In the Matter of the Appeal of:

TRI-VALLEY GROWERS
P. O. Box 576549
Modesto, CA 95357-6549

                                    Employer

  Docket No. 95-R2D2-4598

 

         DECISION AFTER
         RECONSIDERATION

The Occupational Safety and Health Appeals Board (Board), acting pursuant to authority vested in it by the California Labor Code and having granted the petition for reconsideration filed in the above-entitled proceeding by the Division of Occupational Safety and Health (Division), makes the following decision after reconsideration.

JURISDICTION

On October 3, 1995, the Division conducted an accident inspection at a place of employment maintained by Tri-Valley Growers (Employer) at its Plant 7 located at 2801 Finch Road, Modesto, California. On December 8, 1995, the Division issued to Employer a citation alleging a general violation of section 3314(b) [lock-out/tag-out of equipment] of the occupational safety and health standards and orders found in Title 8, California Code of Regulations and proposing a civil penalty of $850.

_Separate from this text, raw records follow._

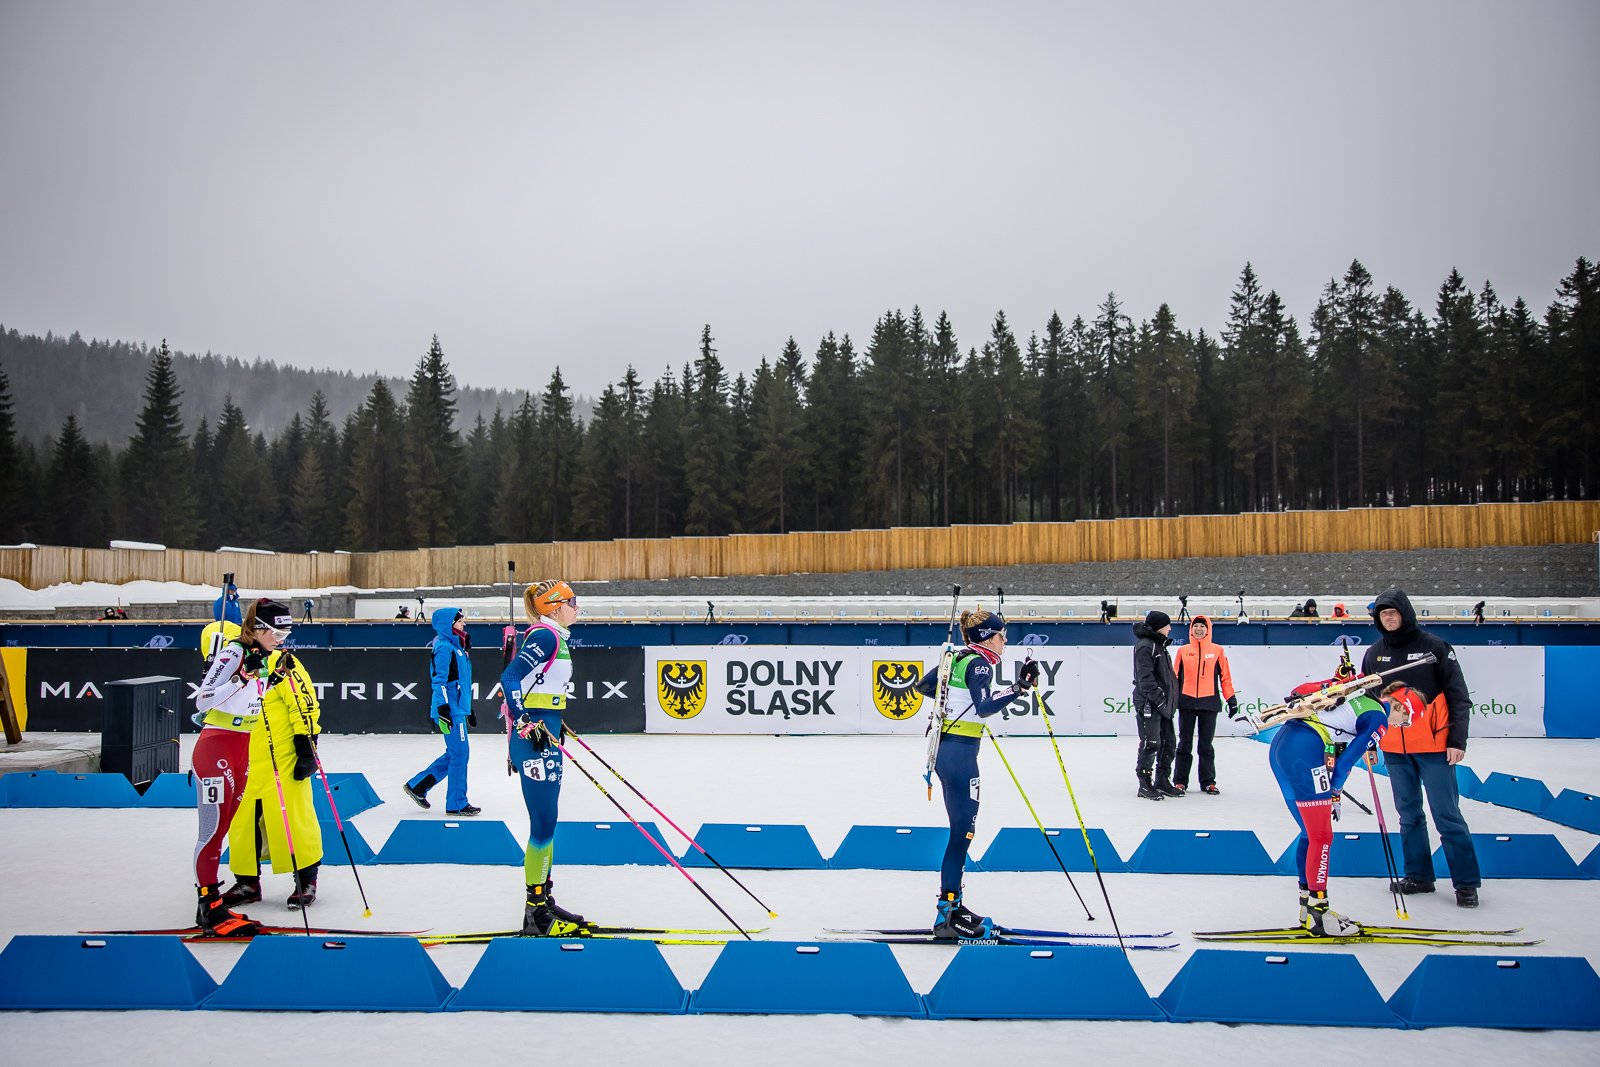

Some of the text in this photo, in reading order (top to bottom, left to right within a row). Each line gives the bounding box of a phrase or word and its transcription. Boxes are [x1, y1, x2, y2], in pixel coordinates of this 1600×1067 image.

[206, 664, 225, 687] helvetia
[535, 673, 544, 685] 8
[726, 660, 843, 686] DOLNY
[974, 666, 989, 674] EA7
[995, 660, 1063, 686] LNY
[292, 671, 314, 714] HEAD
[315, 683, 418, 699] TRIX
[725, 684, 836, 720] ŚLĄSK
[1471, 698, 1517, 718] ręba
[223, 768, 235, 793] Sunr
[1319, 775, 1328, 791] 6
[208, 786, 218, 803] 9
[540, 855, 549, 884] LOVENIA
[1316, 844, 1329, 884] SLOVAKIA
[1332, 936, 1374, 944] FISCHER

Employer filed a timely appeal. On July 23, 1996, after a hearing, an administrative law judge (ALJ) of the Board issued a decision granting Employer’s appeal and setting aside the proposed civil penalty.

On August 26, 1996, the Division filed a petition for reconsideration. On September 19, 1996, the Board granted the petition. Employer filed an answer on September 30, 1996.

EVIDENCE

In making this decision, the Board relies upon its independent review of the entire evidentiary record in this case, including the tape recordings of the hearing. The Board has taken no new evidence. The Board adopts and incorporates by this reference the summary of evidence set forth on pages 2 through 5 of the decision of the ALJ.

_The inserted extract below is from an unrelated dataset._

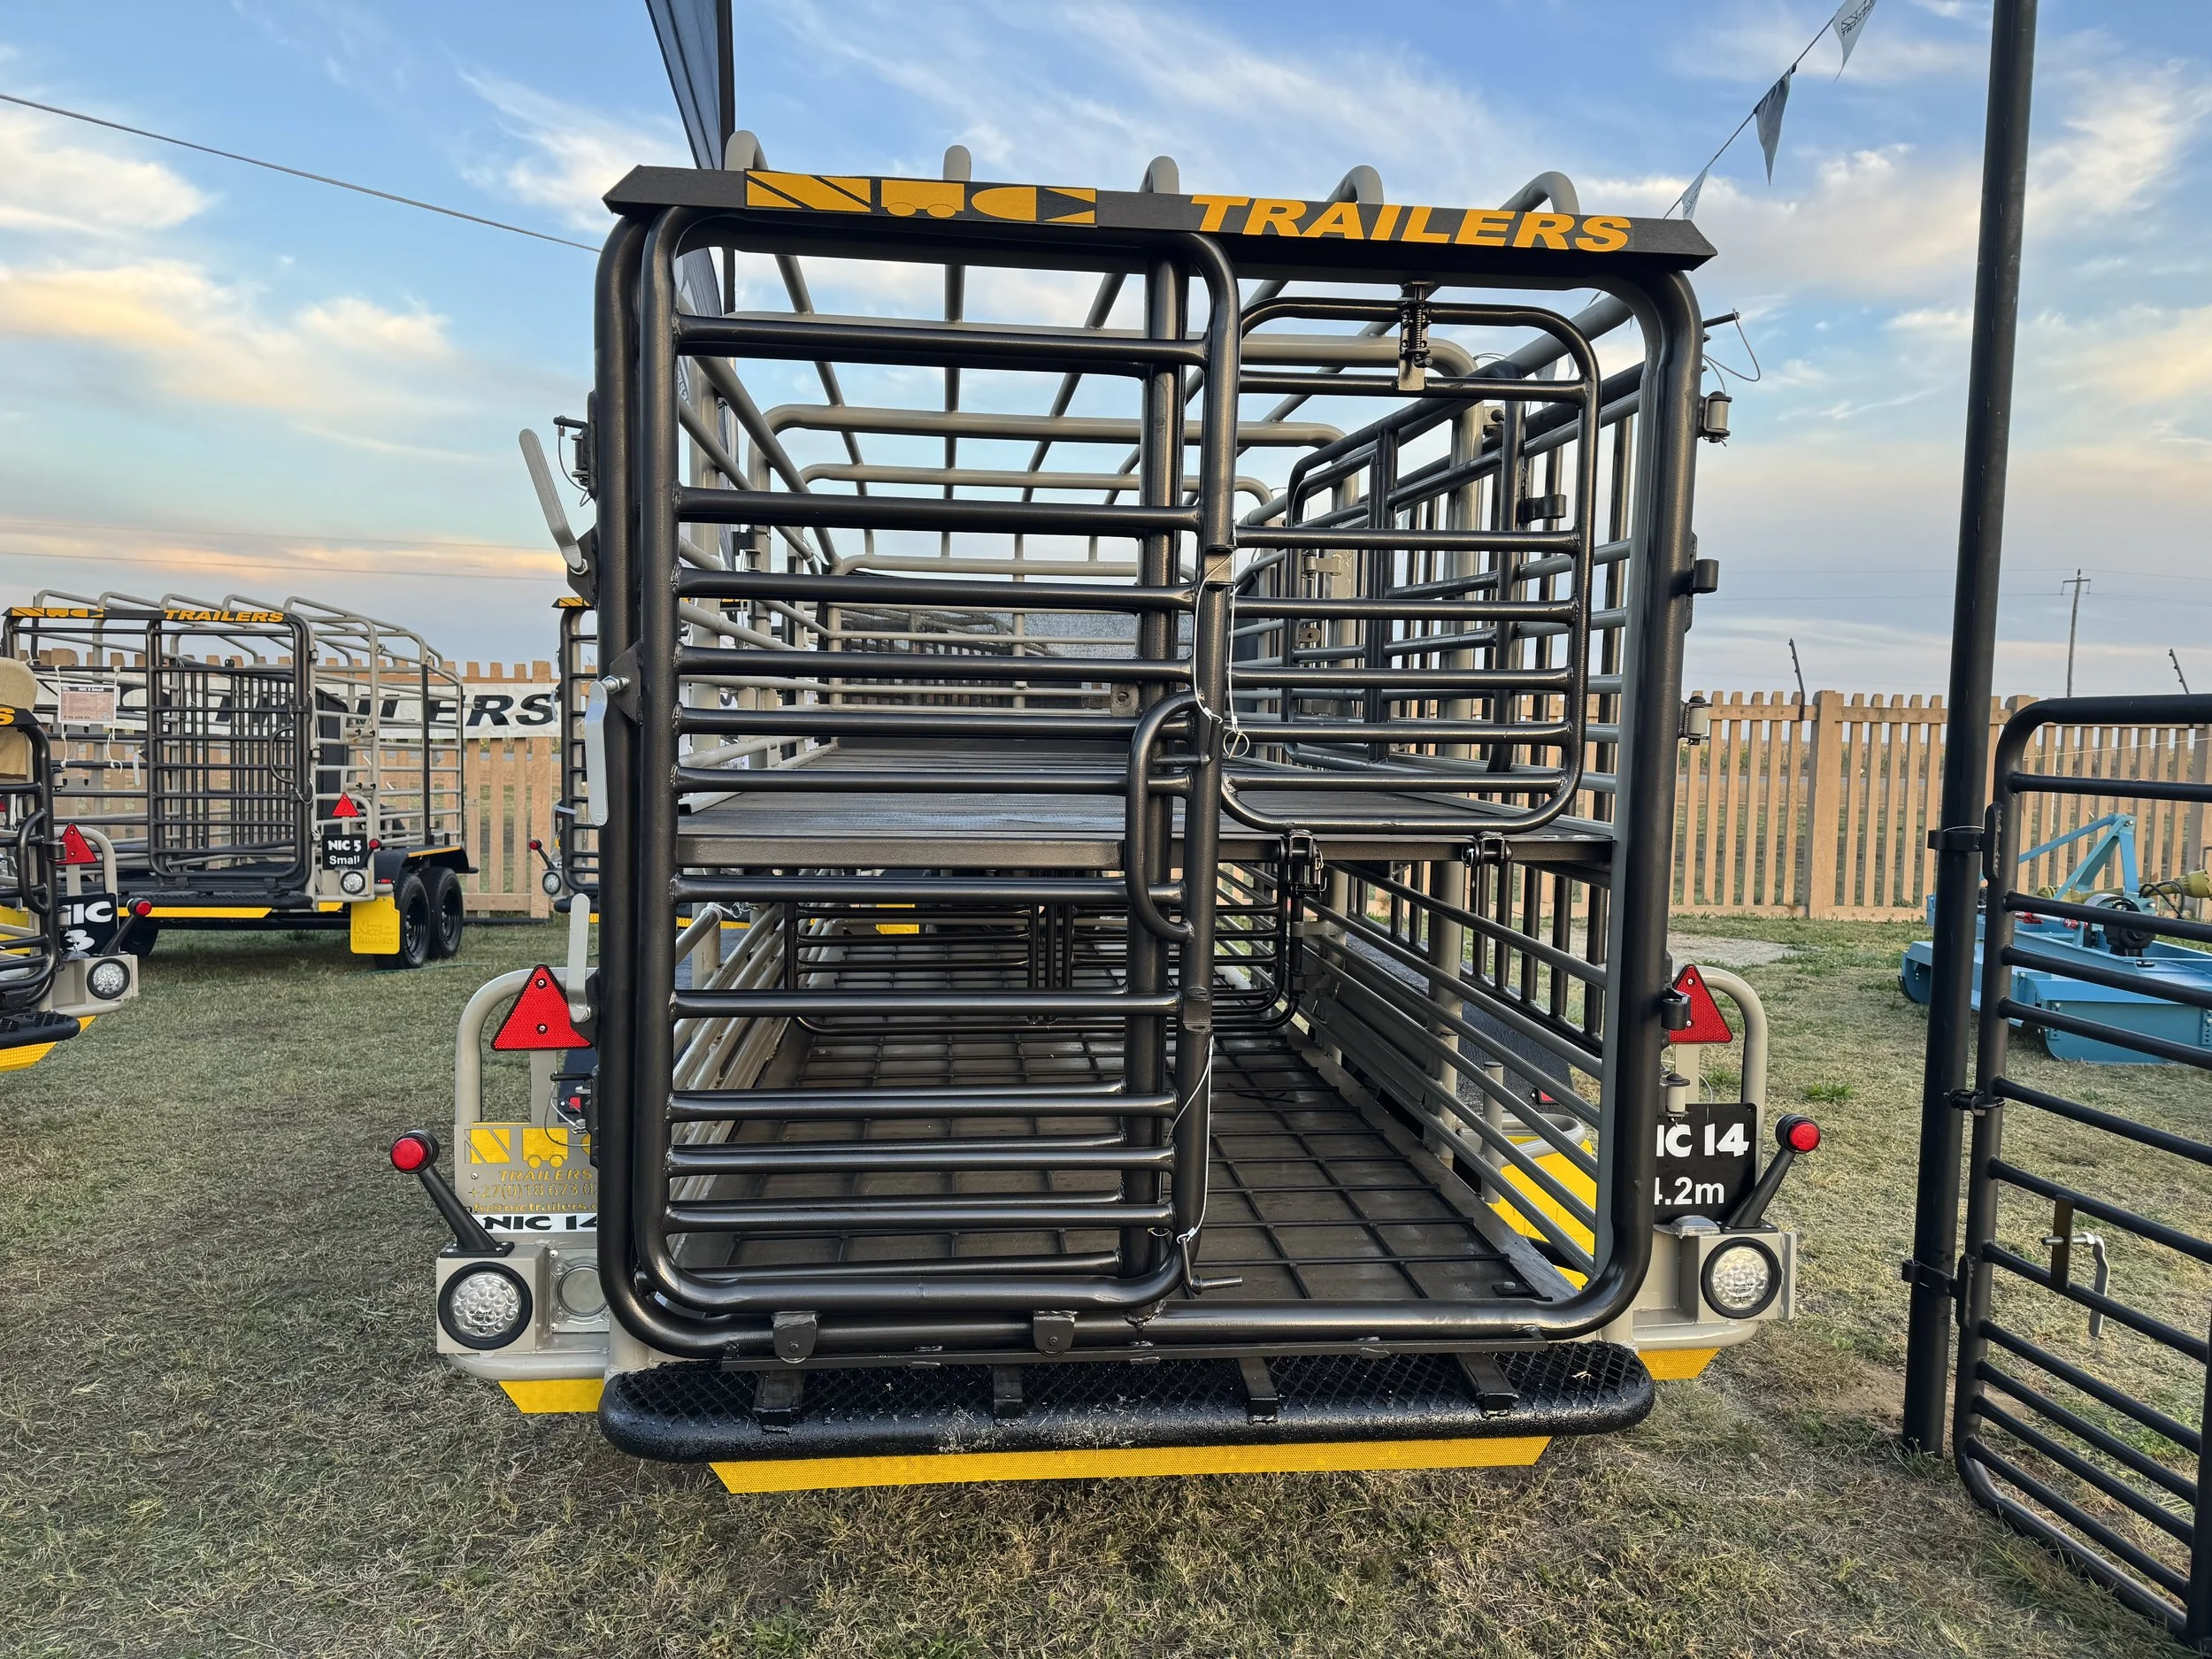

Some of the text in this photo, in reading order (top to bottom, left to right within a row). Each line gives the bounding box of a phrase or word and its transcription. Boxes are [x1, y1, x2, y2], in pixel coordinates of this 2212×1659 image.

Employer is engaged in the canning and packing of food products at Plant 7. On September 3, 1995, Robert Sevier suffered the amputation of his right thumb while attempting to re-thread the drive chain on a pallet elevator that had not been locked out in the "off" position.

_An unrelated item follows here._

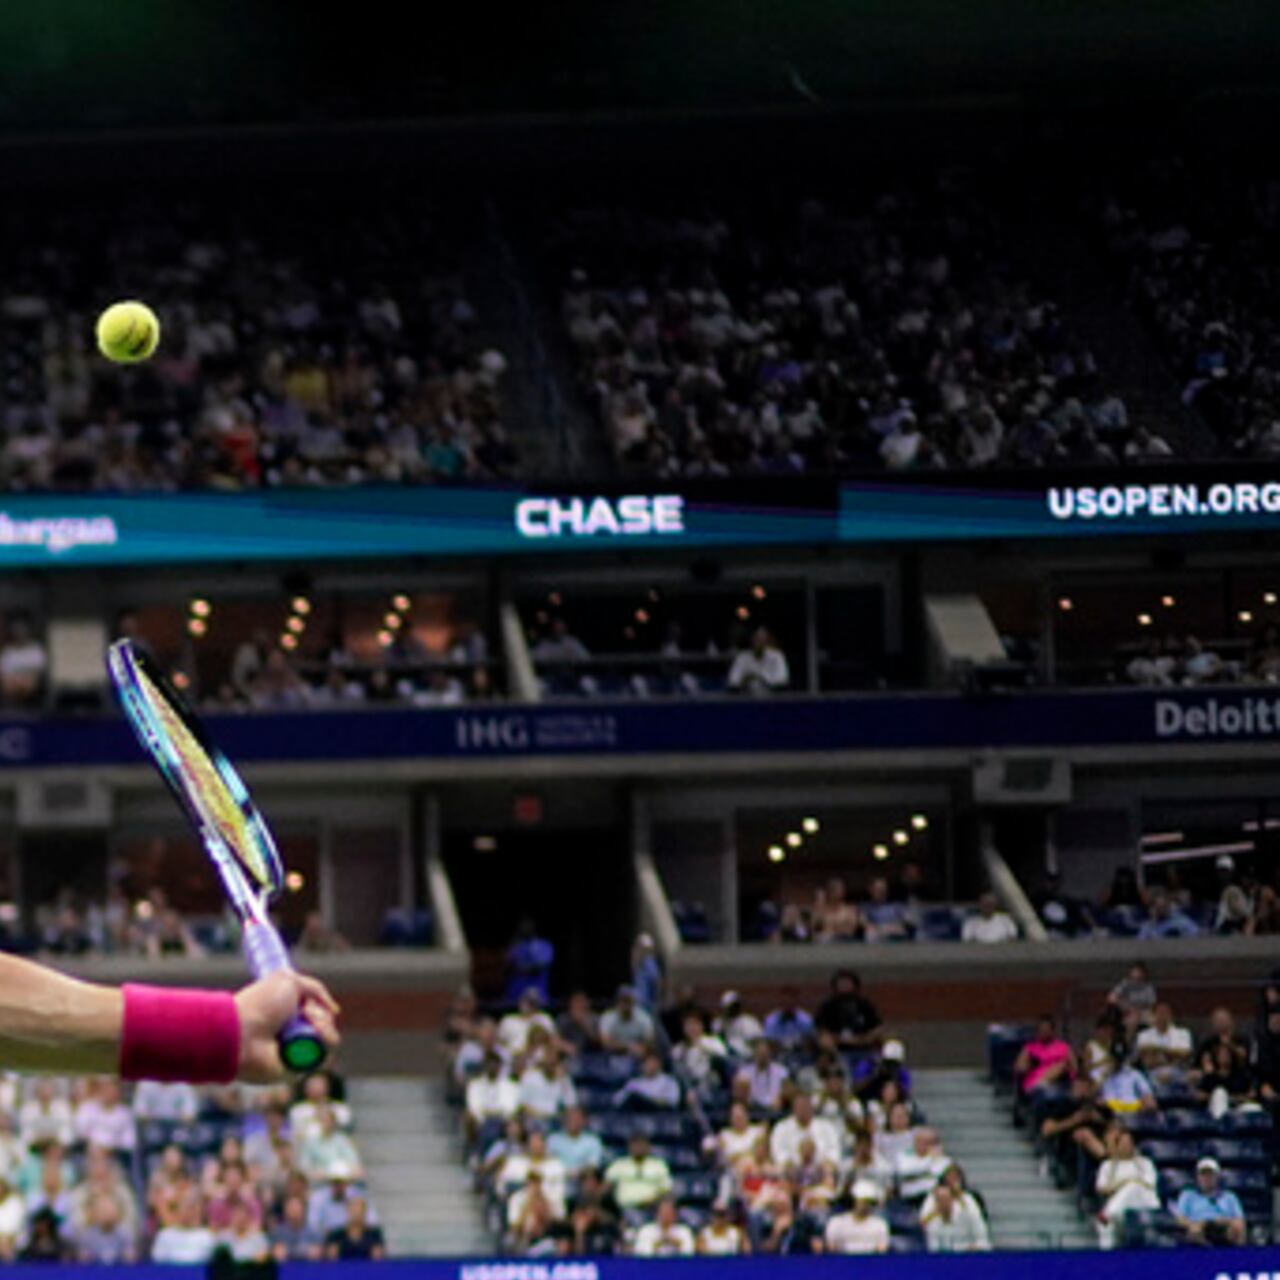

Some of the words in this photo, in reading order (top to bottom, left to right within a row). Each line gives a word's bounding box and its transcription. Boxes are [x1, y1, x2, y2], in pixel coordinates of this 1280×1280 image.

[517, 495, 684, 537] CHASE
[1048, 484, 1280, 518] USOPEN.ORG
[456, 716, 528, 748] IHG

The Division cited Employer for violating section 3314(b). It classified the violation as general because it determined that Employer neither knew nor, in the exercise of reasonable diligence, could have known of the violative act. In the decision granting the appeal, the ALJ found that Sevier’s failure to lock out the equipment was an independent employee action for which Employer should not be held responsible.

In its petition for reconsideration, the Division contends that Employer failed to sustain elements 3 and 5 of the independent employee action defense.

ISSUES

1. Did Employer effectively enforce its safety program at the time of the accident?

2.  Did the injured employee know that Employer’s Energy Control Procedure required that he place his own lock on the equipment he was repairing?

FINDINGS AND REASONS
FOR
DECISION AFTER RECONSIDERATION

1. At the Time of the Accident, Employer’s Safety Program Was Being Effectively Enforced.

Beginning in May 1995—four months before the accident—Employer conducted a series of training sessions, attended by Sevier, in which its lock-out/tag-out policy was discussed and explained. The training culminated in a session on June 6th featuring a slide presentation on Employer’s Energy Control Procedures. The following day, Sevier was given a copy of the written procedure along with two locks, two multiple hold lockout hasps, and lockout tags.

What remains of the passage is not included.